Maine joined a growing list of states with a salary history ban. Here’s what you should know as this topic becomes a national focus.

Maine lawmakers have joined the rapidly increasing number of state and local governments that have implemented a ban on employers asking job candidates about their prior salary history.
“An Act Regarding Pay Equity” was approved in the state’s House of Representatives on April 2 with a vote of 86-54 and the same day in the state Senate with a vote of 22-11. The count generally fell along party lines with Democrats supporting the proposed legislation and Republicans generally opposing it. The Portland Press Herald has reported that Democratic Gov. Janet T. Mills is expected to sign the bill.
The law is expected to go into effect in October of this year.
What’s in the New Maine Salary History Ban?
The new legislation amends the existing Maine Human Rights Act. It adds language stating that evidence of discrimination can include an employer seeking information about a prospective employee’s previous salary history prior to the job offer is extended.
The new law also broadens a provision in the state’s equal pay law, forbidding employers from preventing employees from discussing or disclosing other employees’ wages. It makes such preventions a violation of the Maine Human Rights Act as well.
Employers or employment agencies are allowed to seek compensation history of an employee or prospective employee after an offer of employment including all terms of compensation has been made. Employers may also confirm a prospective employee’s compensation history if that compensation history was voluntarily disclosed.
Maine’s Chamber of Commerce opposes the new measure. Explaining in a phone interview that the Chamber opposed the bill in committee, executive vice president Peter Gore, said many businesses have less than 10 employees and described the bill as a “trap” for them because they don’t have an HR department to advise them. He said that as the bill is currently written, if employers go on a site like Glassdoor to look for salary information, that can be used as evidence of salary discrimination. He also stated that the law doesn’t set a cap on compensatory damages.
State and local governments forbid salary history questions
Over the last couple of years, states and local governments have taken steps to forbid employers from asking for prior salary history, acting on the belief that doing so perpetuates wage disparities between men and women and minorities.

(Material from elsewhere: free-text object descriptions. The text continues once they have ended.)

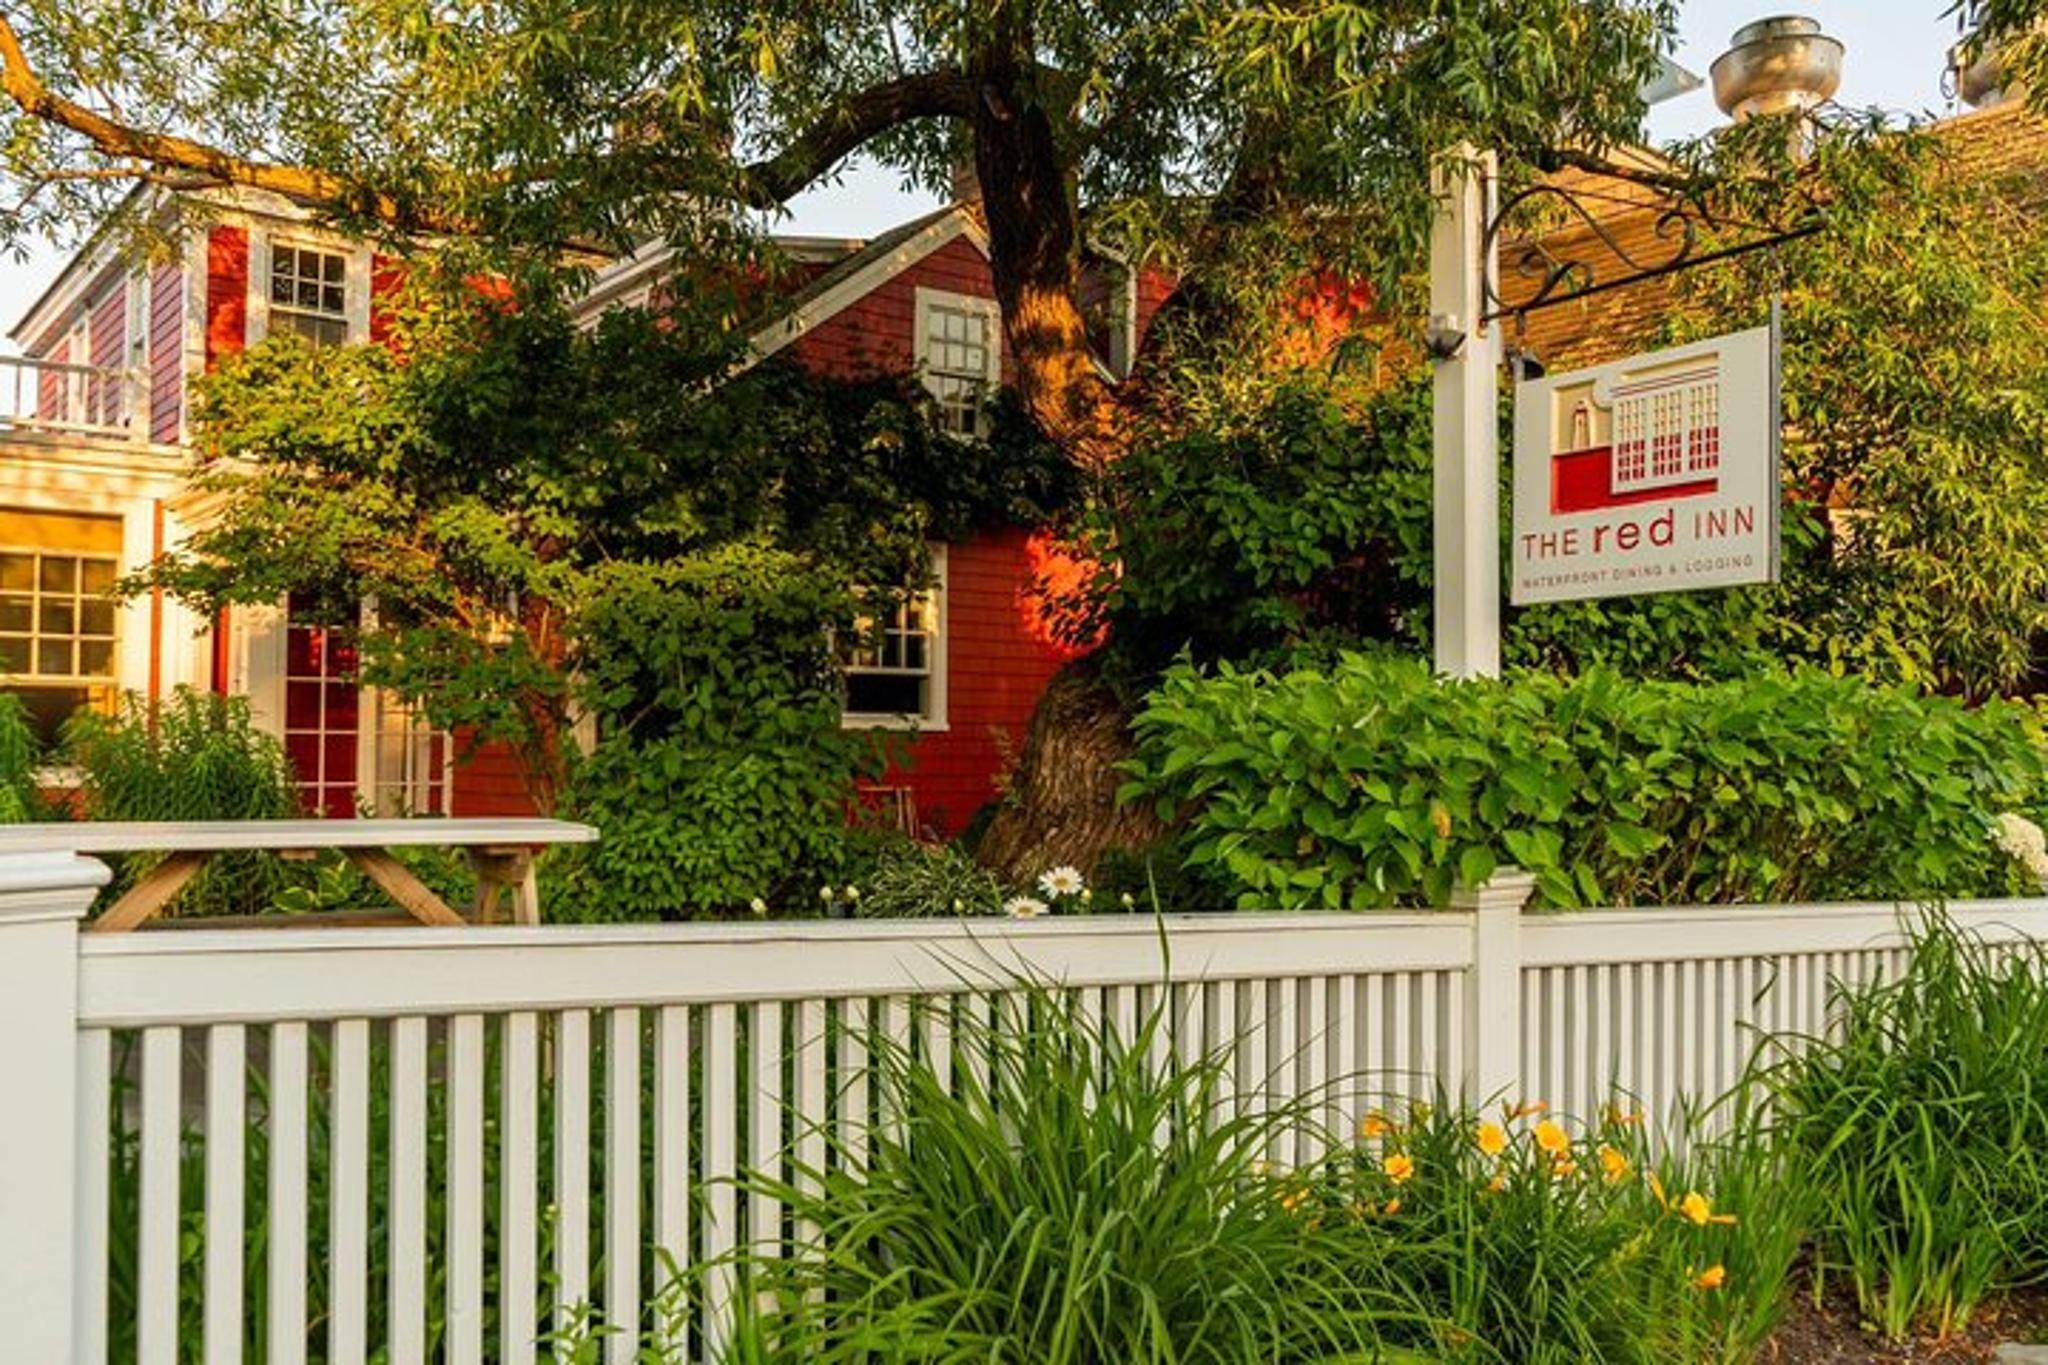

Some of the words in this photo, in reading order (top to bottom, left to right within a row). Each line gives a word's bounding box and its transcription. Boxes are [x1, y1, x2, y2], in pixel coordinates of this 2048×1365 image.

[1521, 532, 1578, 560] THE
[1593, 507, 1673, 553] red
[1695, 506, 1753, 540] INN
[1522, 569, 1606, 589] WATERFRONT
[1612, 565, 1662, 581] DINING
[1685, 554, 1753, 574] LODGING
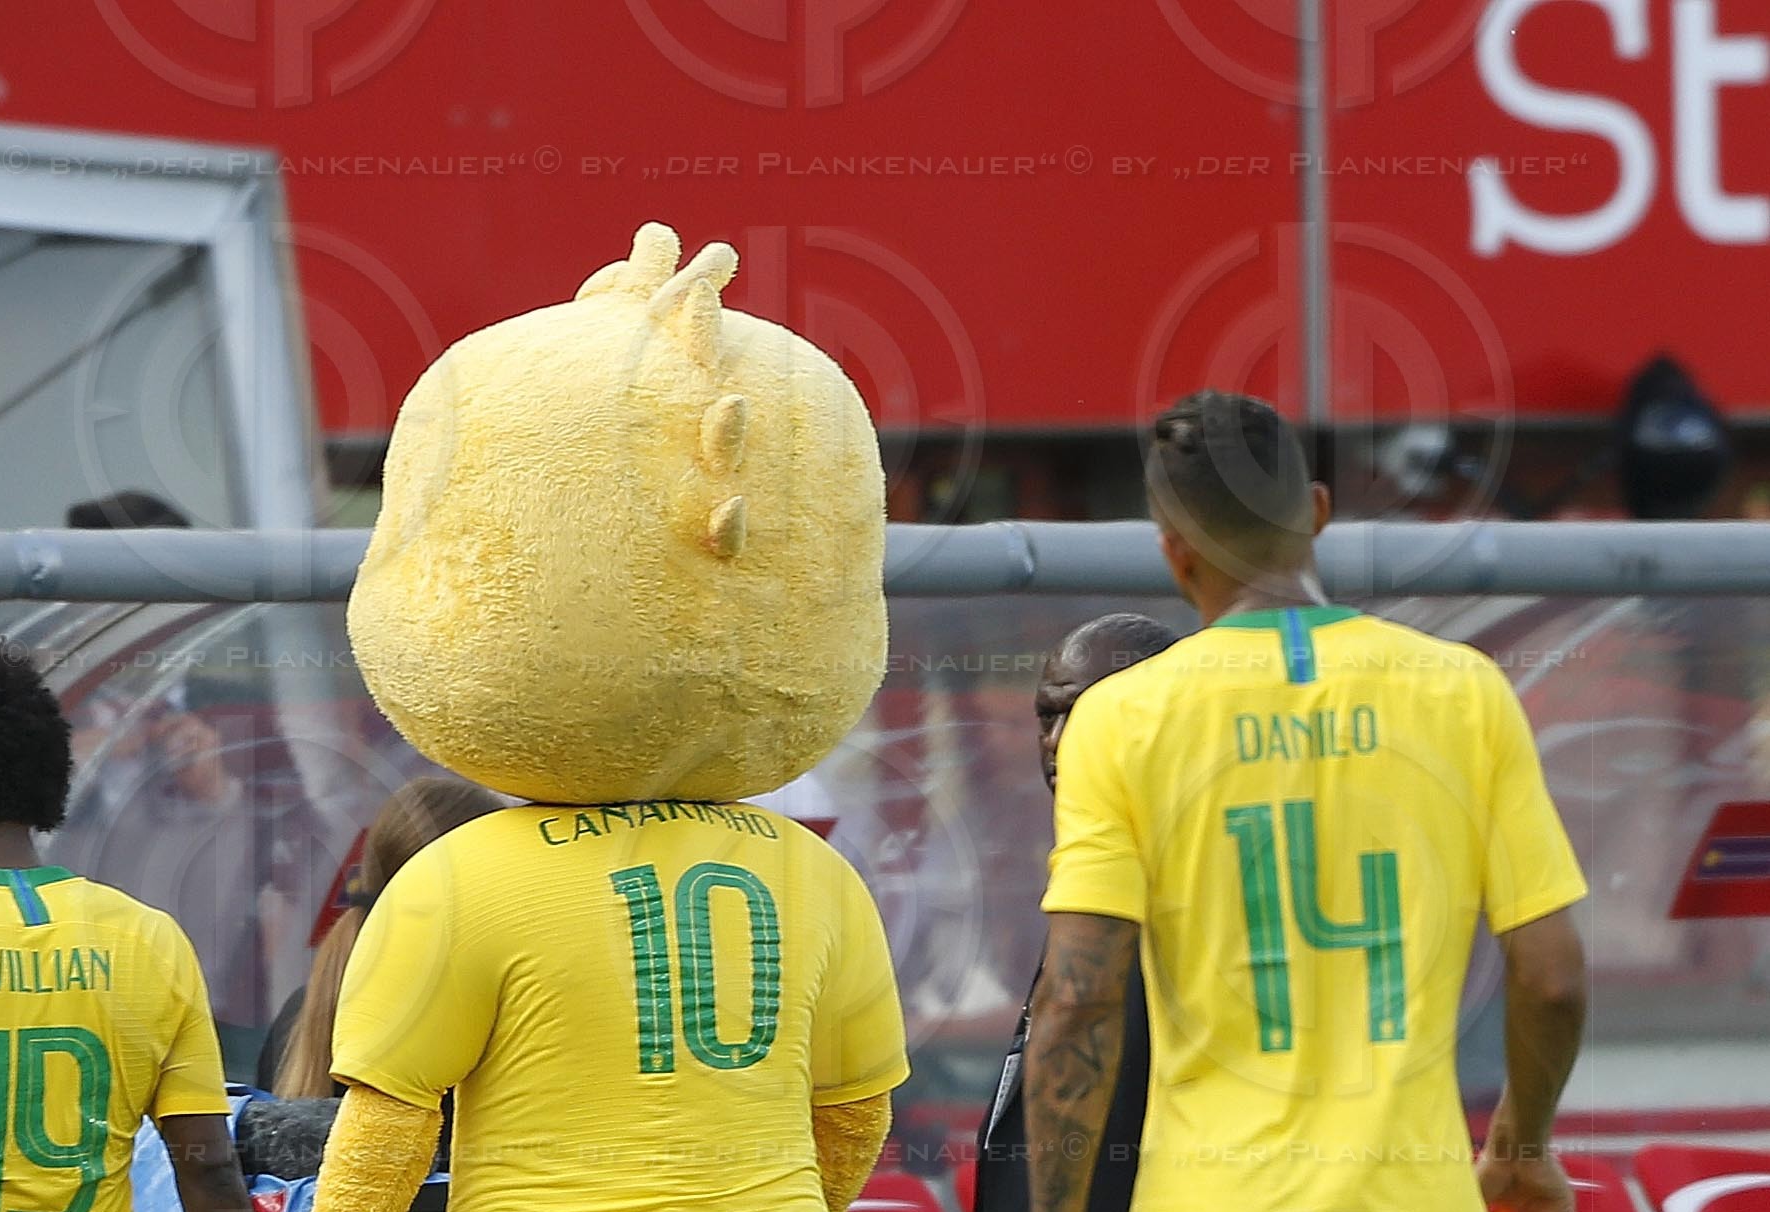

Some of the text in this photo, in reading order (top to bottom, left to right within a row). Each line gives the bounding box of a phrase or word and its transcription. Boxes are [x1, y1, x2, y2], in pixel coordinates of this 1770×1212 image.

[1466, 0, 1770, 257] St
[1236, 706, 1379, 763] DANILO
[609, 861, 782, 1073] 10
[1224, 800, 1407, 1053] 14
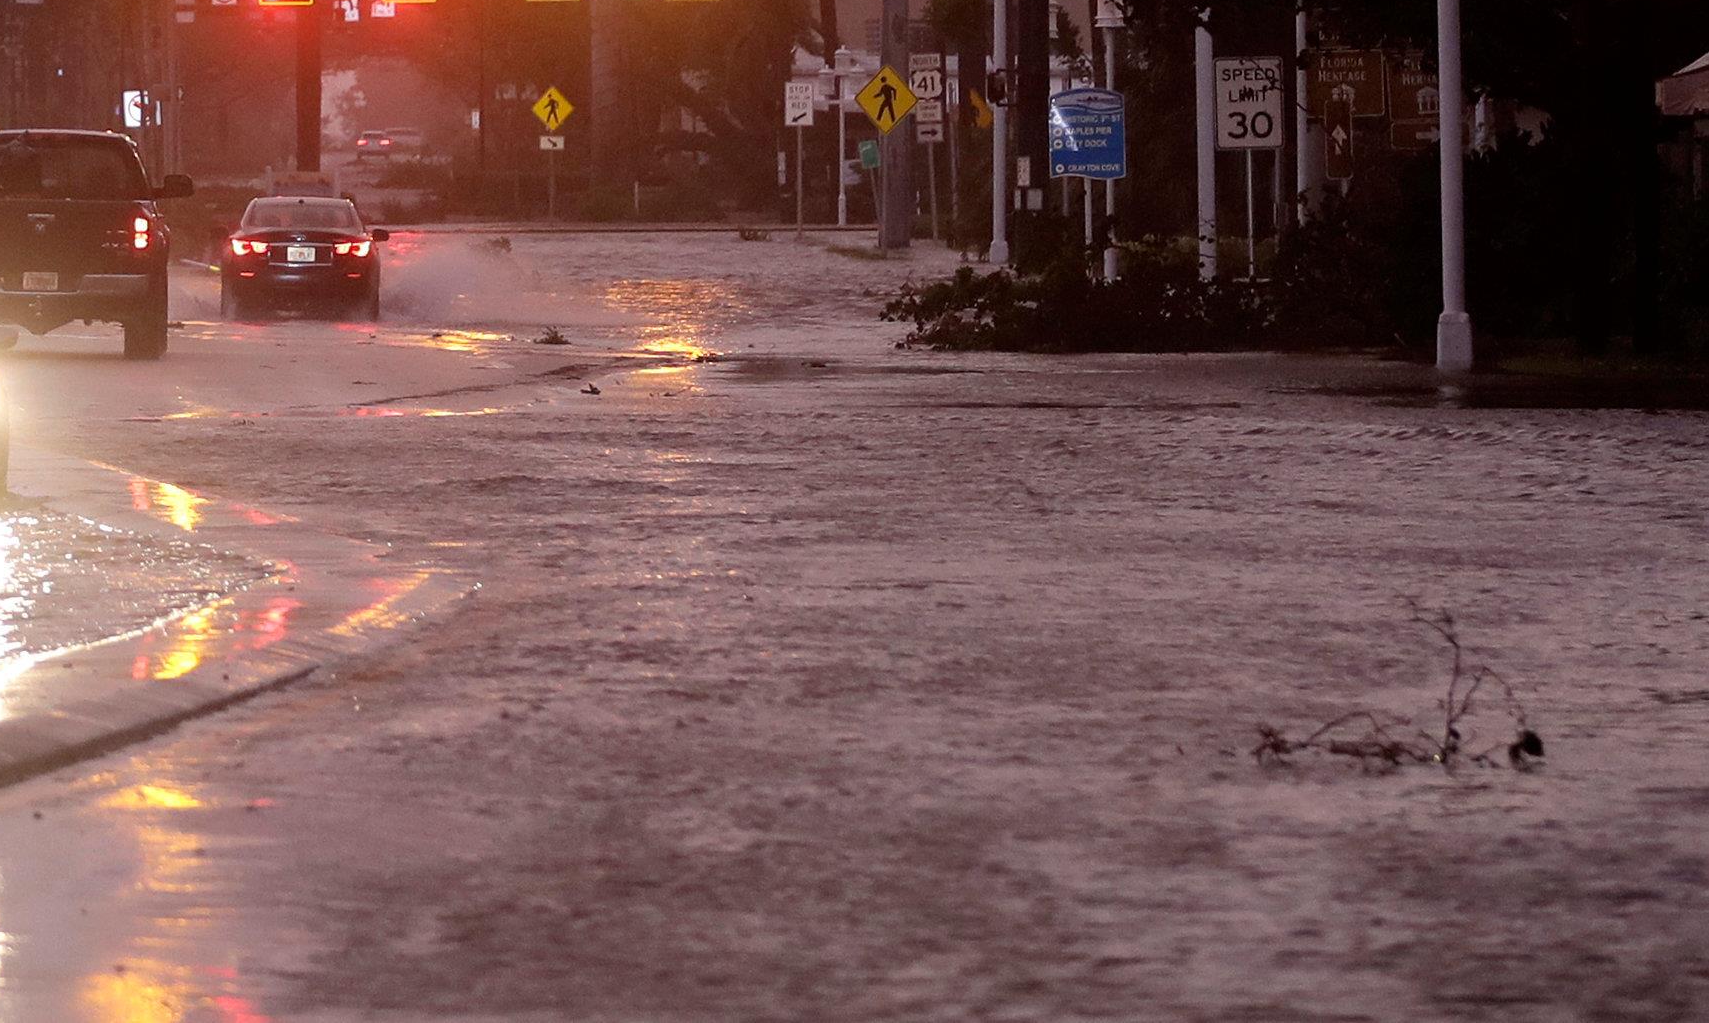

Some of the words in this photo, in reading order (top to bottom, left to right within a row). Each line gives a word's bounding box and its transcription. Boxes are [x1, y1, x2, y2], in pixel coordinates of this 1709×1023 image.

[1222, 68, 1275, 82] SPEED
[917, 75, 935, 92] 41
[1228, 88, 1268, 103] LIMIT
[1228, 111, 1273, 139] 30
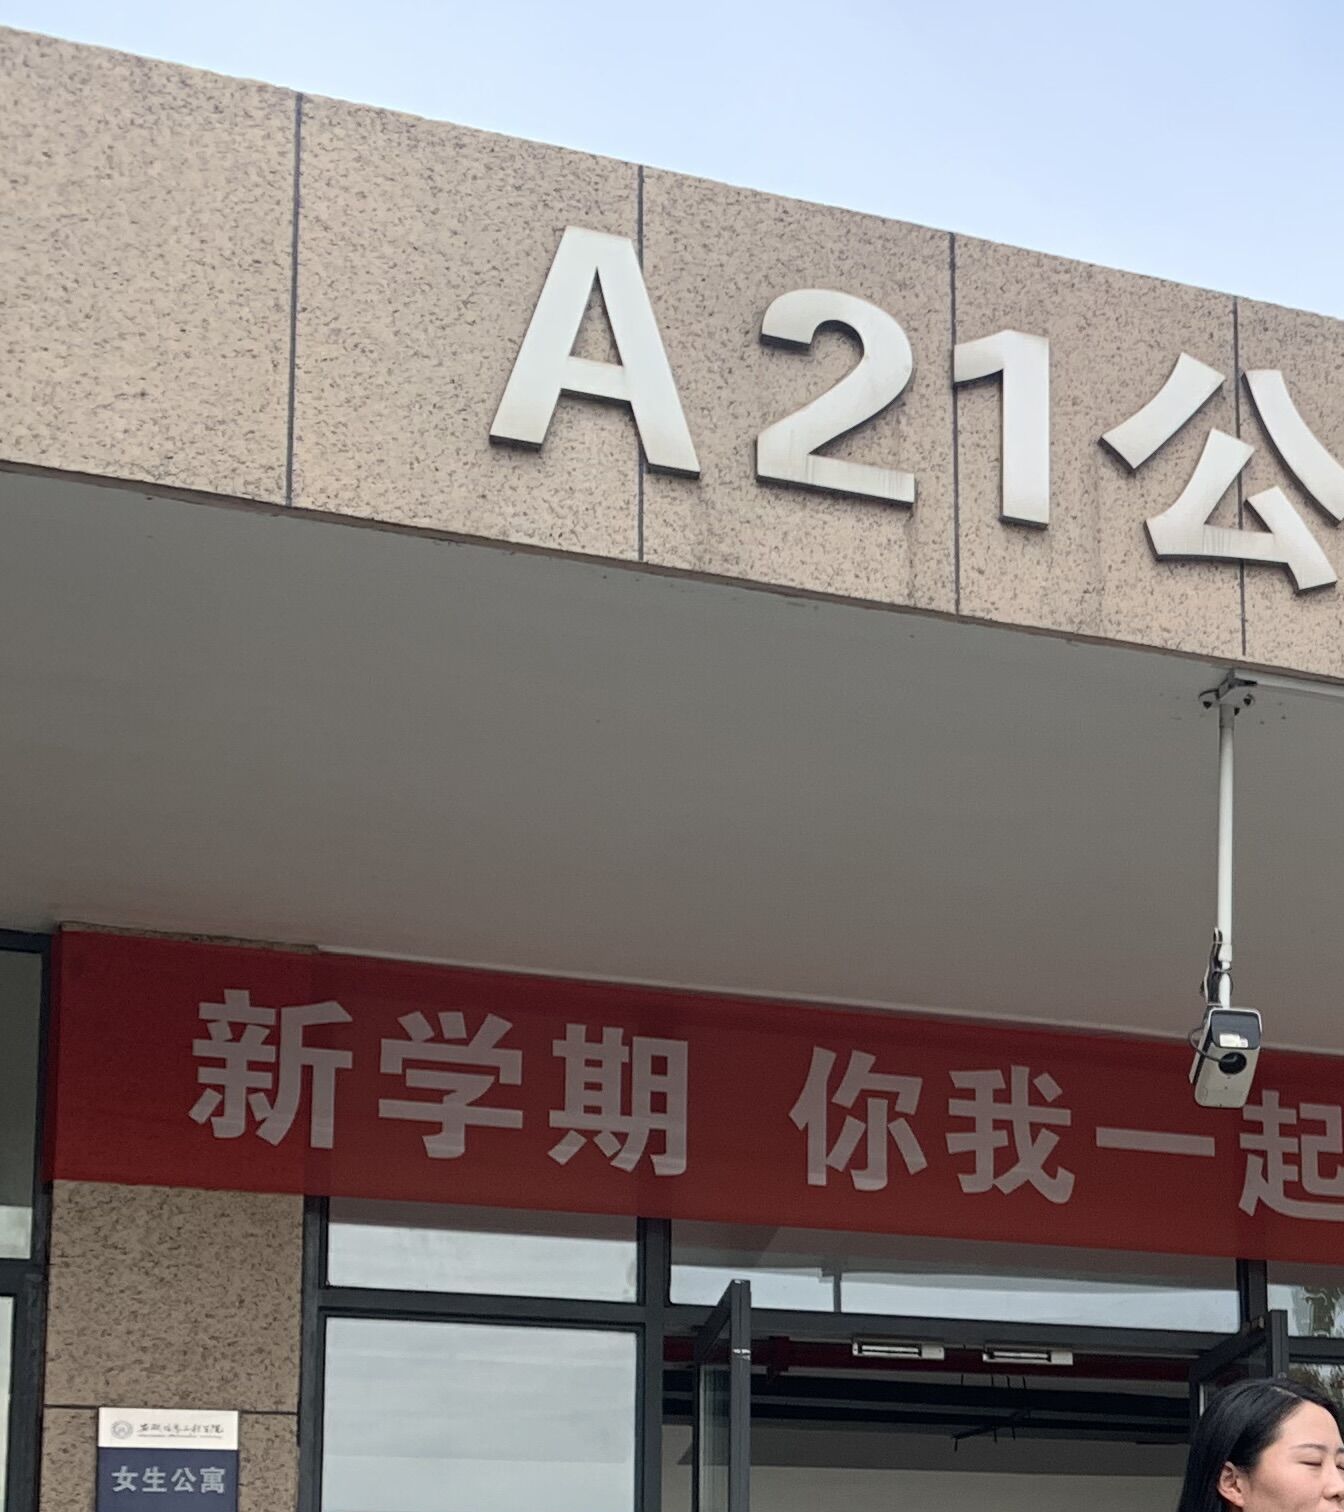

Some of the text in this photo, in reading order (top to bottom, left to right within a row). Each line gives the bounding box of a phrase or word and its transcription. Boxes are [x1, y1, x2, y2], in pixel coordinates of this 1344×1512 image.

[188, 989, 689, 1178] 新学期
[111, 1465, 226, 1494] 女生公寓

A report from the National Partnership for Women & Families has estimated that full-time women workers in Maine were paid 82 cents for every $1 paid to a man working full-time, according to the Portland Press Herald.
Last month, the Cincinnati City Council voted to forbid medium and large employers from asking job applicants for their salary history. That legislation, like so many others, is aimed at eliminating the longstanding pay gap between the wages and men and women and minorities. That ban goes into effect in March 2020.
In addition to the Cincinnati and the Maine salary history bans, California, Connecticut, Delaware, Georgia, Hawaii, Illinois, Kentucky, Louisiana, Massachusetts, New Jersey, New York state, Oregon, and Pennsylvania already have salary history bans on the books, but some of those apply only to government employers. Several local governments, including Albany County, Atlanta, Louisville, KY; New York City, San Francisco, New Orleans, and Pittsburgh also passed their own bans, but some of those are only aimed at city government employers.
Salary history bans are also under consideration in several other states.
Pushback against salary history bans
Some states, however, are going the other way, instituting what some have called “bans on bans.” In moves that are favorable to employers, Michigan and Wisconsin lawmakers recently passed laws prohibiting bans on the salary question.
Philadelphia, Pennsylvania’s salary history ban is under court review. Philadelphia’s Chamber of Commerce took the ban to court. A federal trial court ruled in 2018 that the ordinance prohibition on employer inquiries about an employee’s prior salary history violated the First Amendment, but the judge upheld the ordinance’s prohibition against the use of that information to set pay. That decision is under appeal.
No nationwide salary history ban
There is no nationwide salary history ban in effect, but there is a bill on Capitol Hill that would do just that. The Paycheck Fairness Act was approved on March 27 by the Democratic-controlled U.S. House of Representatives. A companion bill has been introduced in the Republican-controlled U.S. Senate but that bill has yet to be scheduled for subcommittee or committee action.